More than 1,400 patients A DAY are forced to wait at least 12 hours in A&E due to NHS ‘chaotic and dangerous spiral of decline’ as top doctor warns winter crisis is ‘now unavoidable’
- Some 44,655 patients were forced to wait more than 12 hours in A&E in October
- 6.5m patients in England were also left waiting for a record 7.77m appointments
- Cancer test and treatment waiting times in England also worsened in September
More than 1,400 patients were forced to wait at least 12 hours in A&E every day last month, grim data revealed today.
Some 44,655 people who attended England’s emergency departments in October waited half a day before admitted, transferred or discharged, NHS figures show.
Just seven in 10 were seen within four hours — the health service’s target.

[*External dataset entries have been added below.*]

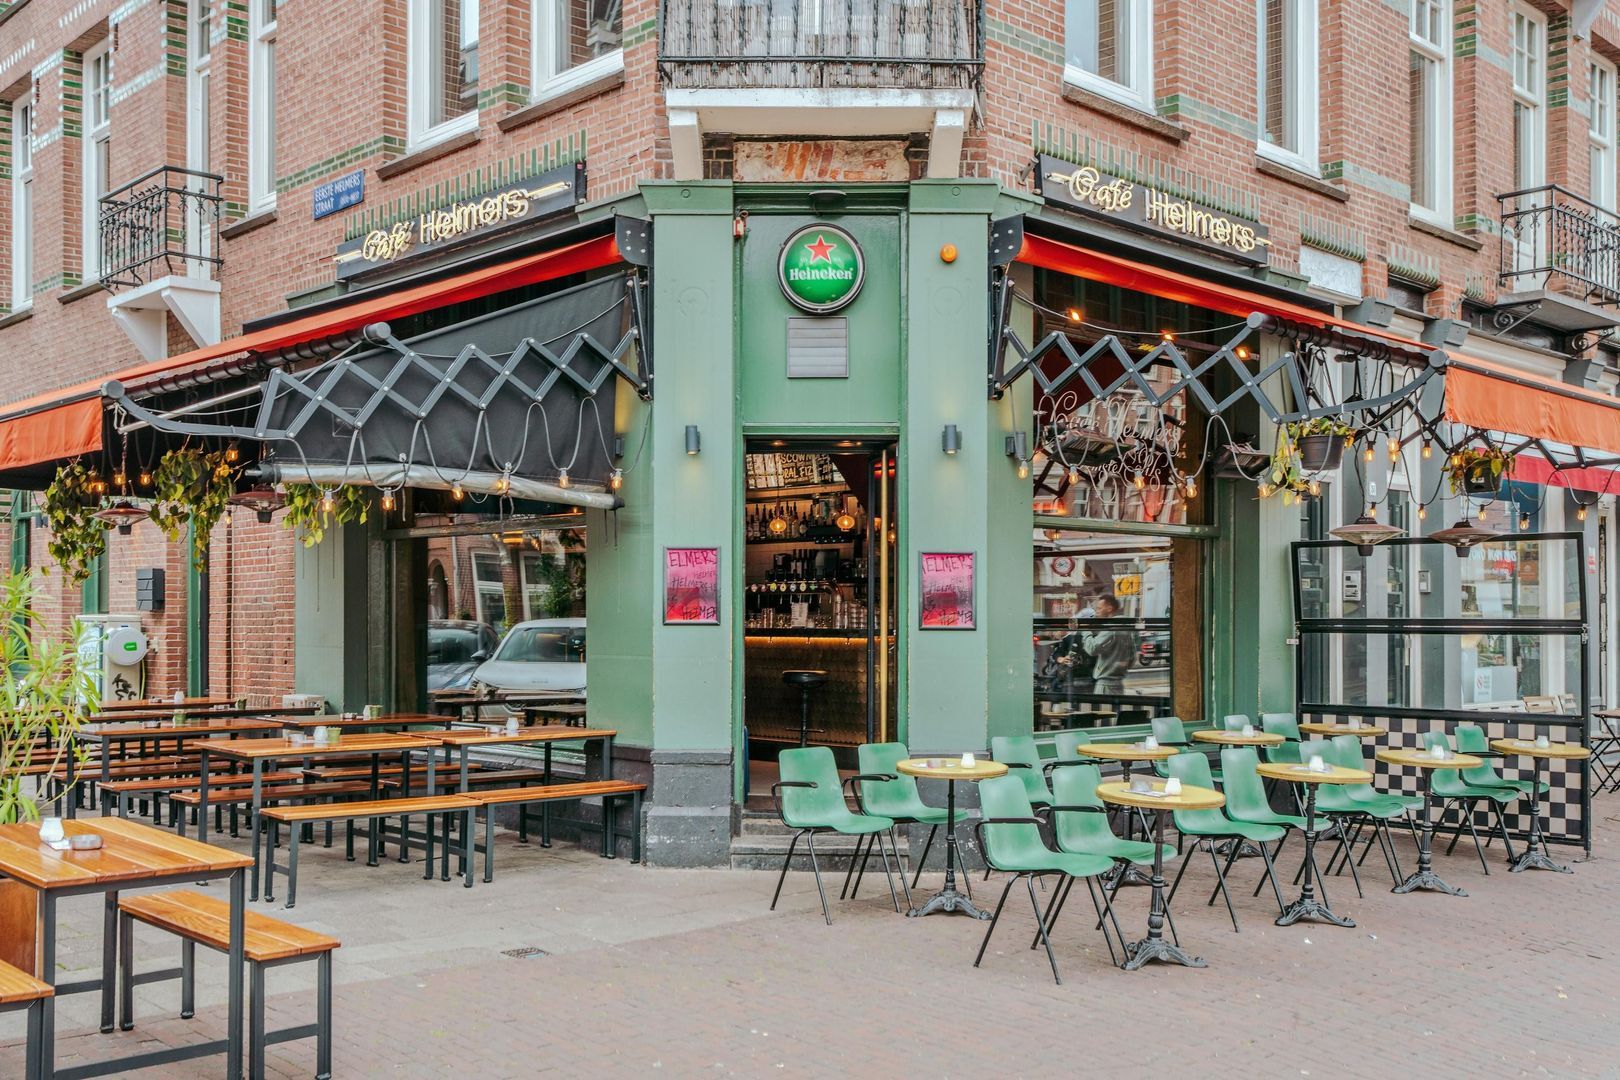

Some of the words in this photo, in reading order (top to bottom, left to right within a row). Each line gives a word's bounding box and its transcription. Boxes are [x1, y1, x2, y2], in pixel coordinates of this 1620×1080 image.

[315, 183, 334, 202] EERSTE
[334, 173, 361, 193] HELMERS
[314, 197, 335, 216] STRAAT
[1069, 167, 1133, 212] Café
[1146, 188, 1256, 252] Helmers
[361, 221, 413, 261] Café
[420, 188, 530, 245] Helmers
[789, 267, 853, 282] Heineken
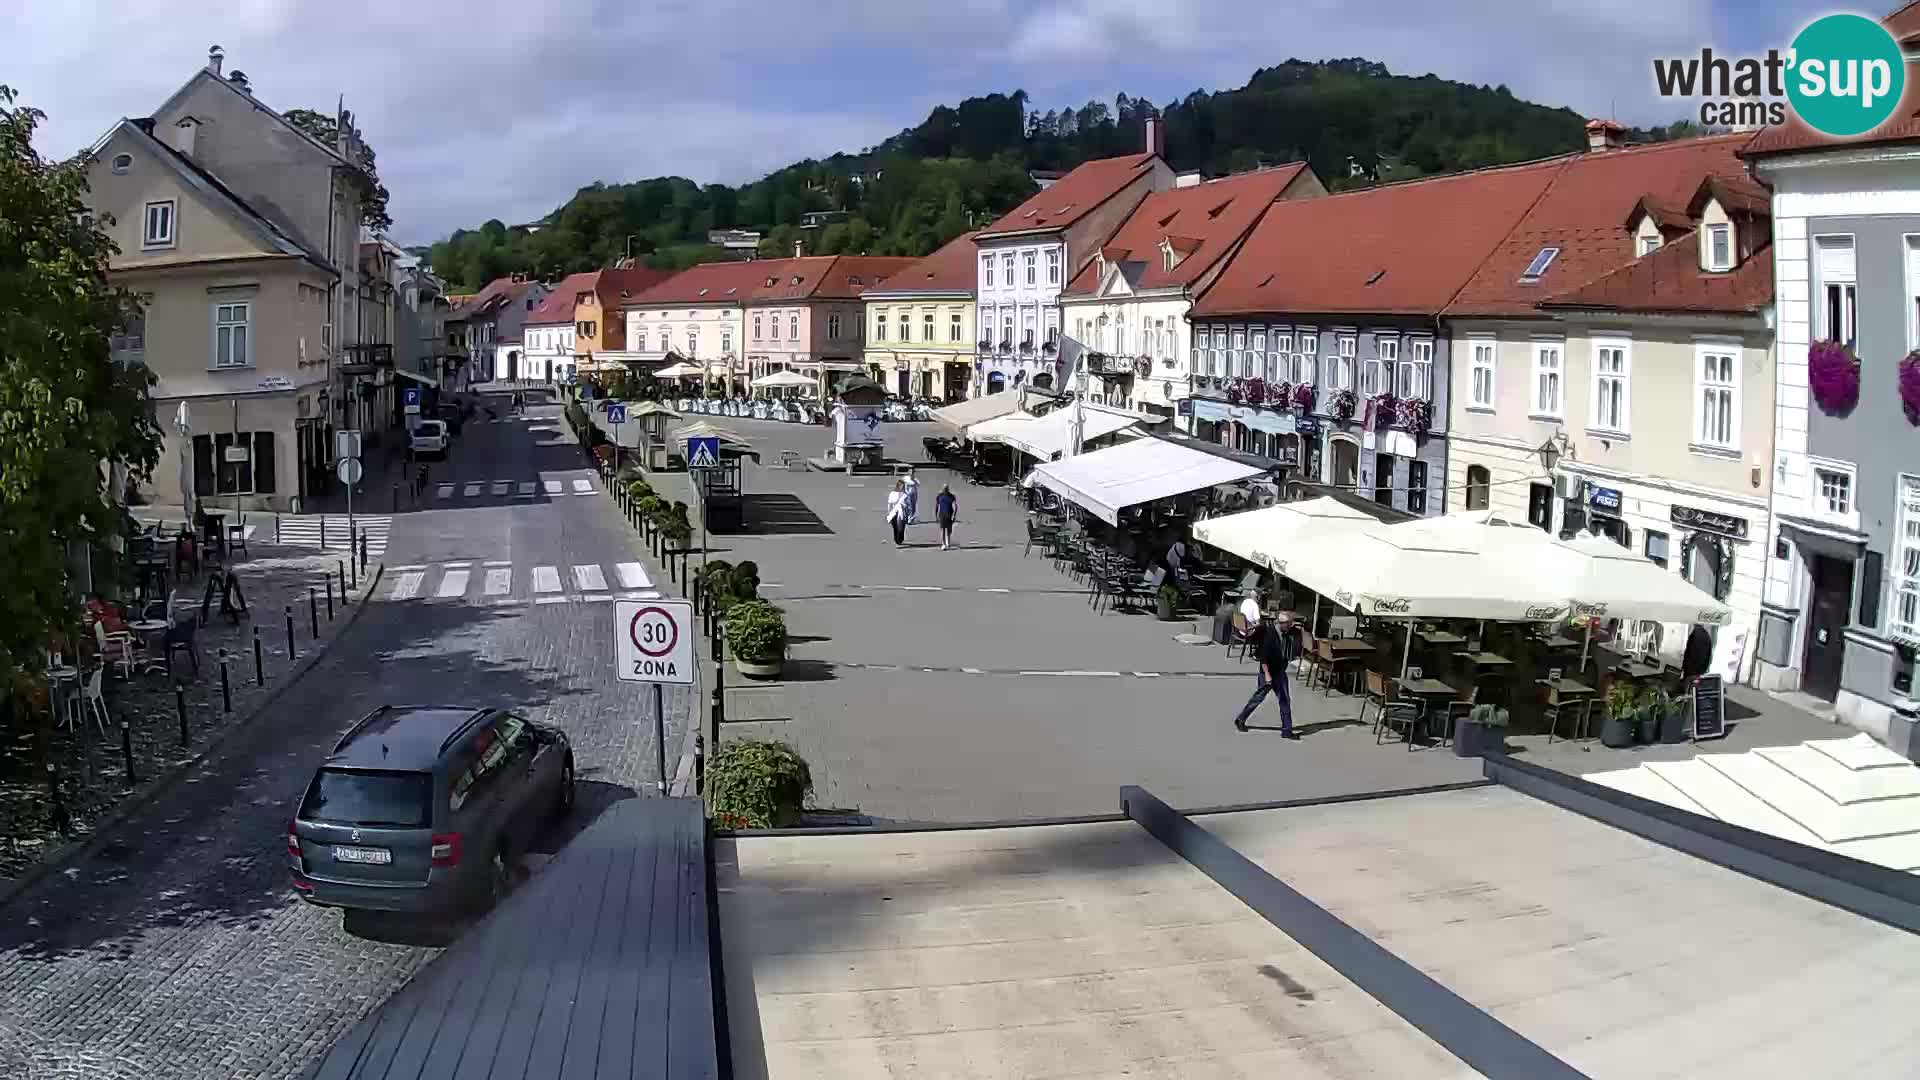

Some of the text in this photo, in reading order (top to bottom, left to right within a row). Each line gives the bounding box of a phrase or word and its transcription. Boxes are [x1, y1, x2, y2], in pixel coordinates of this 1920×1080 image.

[409, 391, 415, 402] P
[643, 623, 666, 643] 30
[633, 660, 677, 676] ZONA

One of the country’s top doctors labelled the situation ‘chaotic’ and ‘dangerous’. He warned the NHS is in a ‘spiral of decline’ that will see patients treated in corridors, endure long waits and suffer ‘inevitable harm’ over the winter.
Meanwhile, the figures also show that the backlog for routine hospital care hit a record 7.7million in September. More than one million patients are waiting for more than one appointment or procedure, according to data shared for the first time.
Insiders warned that the dire situation will also only get worse in the coming months, as hospitals are forced to make further cuts to cover the costs of NHS strikes.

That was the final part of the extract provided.